Data is the binary byte stream of Message.
sentAddr is the local IPv4 address of the machine where the SDK is located converted to a 32-bit numeric ID.
msgType is the type of filter message. msgTime
is the message time when the SDK sends a message, its value comes from the value filled in by putSystemHeader
when constructing Message, and there is a corresponding API in Message to get it.
requireAuth: Required authentication operations to Broker for data production, not currently in effect due to performance issues. The authAuthorizedToken value in the sent message is based on the value provided by the Master and will change with the change of the Master.
5.5 Partition Loadbalance:
Apache TubeMQ currently uses a server-side load balancing mode, where the balancing process is managed and maintained by the server; subsequent versions will add a client-side load balancing mode, so that two modes can co-exist.
Server side load balancing:
- When the Master process starts, it starts the load-balancing thread balancerChore. balancerChore periodically checks the current registered consumer group for load balancing. The process is simply to evenly distribute the consumer group subscription partitions to registered clients, and periodically detect the current partition of the client If so, the extra partitions will be split to other clients with less number of subscriptions. First, the master checks if the current consumer group needs load balancing. The topic collection is sorted by all partitions of the topic, and all consumer IDs of this consumer group, and then by the consumer group’s all Divide and model the number of partitions and the number of clients to get the number of partitions each client subscribes to at most; then give each client the Assign partitions and carry the partition information in the heartbeat response when the consumer subscribes; if the client has more than one partition currently in place Give the client a partition release command to partition the partition away from the consumer, and to the assigned consumer A partition assignment instruction that informs that the partition is assigned to the corresponding client is as follows.
Translated with www.DeepL.com/Translator (free version)
rebalanceId:A long-type auto-increment number that indicates the round of load balance.
opType:Operation code, and its value defined in EventType. There are only four parts of the opcode that have been implemented, as follows: DISCONNECT
, CONNECT
, REPORT
and ONLY_
. Opcode started with ONLY
is not detailed developed.
status:Defined in EventStatus
, indicates the status of the event. When Master constructs a load balancing task, it sets the status to TODO
. When receiving the client heartbeat request, master writes the task to the response message and sets the status to PROCESSING
. The client receives a load balancing command from the heartbeat response, and then it can perform the actual connection or disconnection operation, after the operation is finished, set the command status to DONE
until sending next heartbeat to master.
subscribeInfo indicates assigned partition information, in the format suggested by the comment.
- Consumer Operation: When consumer receives metadata returned from master, it should establish the connection and release the operation(Refer to the opType note above).
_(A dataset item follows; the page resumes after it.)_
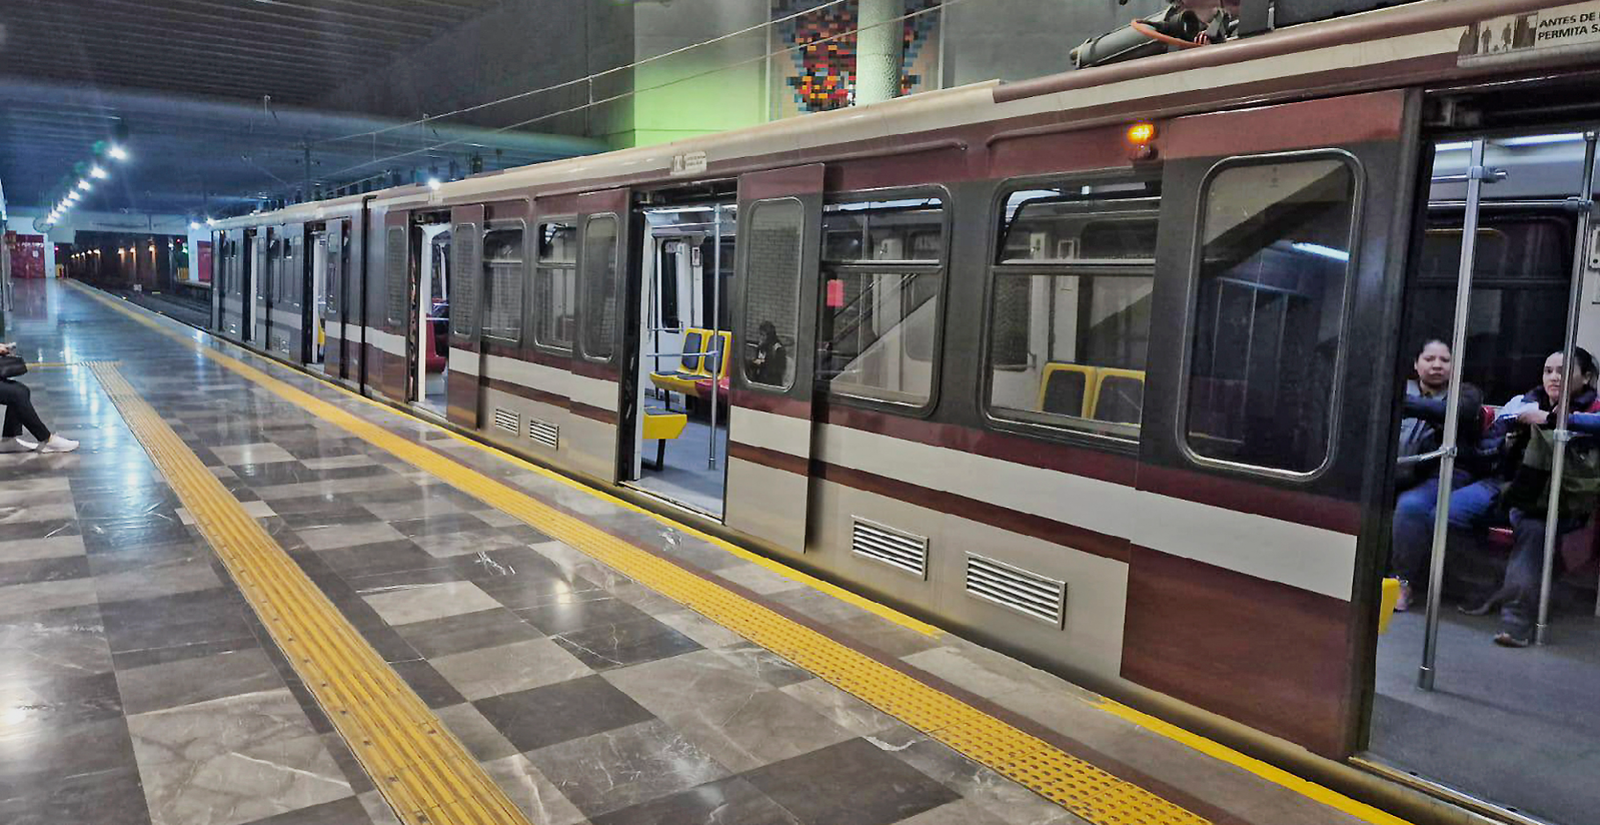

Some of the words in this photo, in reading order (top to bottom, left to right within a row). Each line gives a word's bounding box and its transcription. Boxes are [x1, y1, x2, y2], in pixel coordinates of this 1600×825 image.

When connection established, return the operation result to master so that consumer can receive some relative job and perform. What we need to know is the LoadBalance of registration is a best-effort operation, if a new consumer send a request for connection before the consumer who occupanies the partition quits, it will receive
PARTITION\_OCCUPIED
exception response. And at this time partition tries to remove it from its queue. And partition consumer will also remove it when receiving corresponding response so that the consumer could successfully register to this partition in next load balance.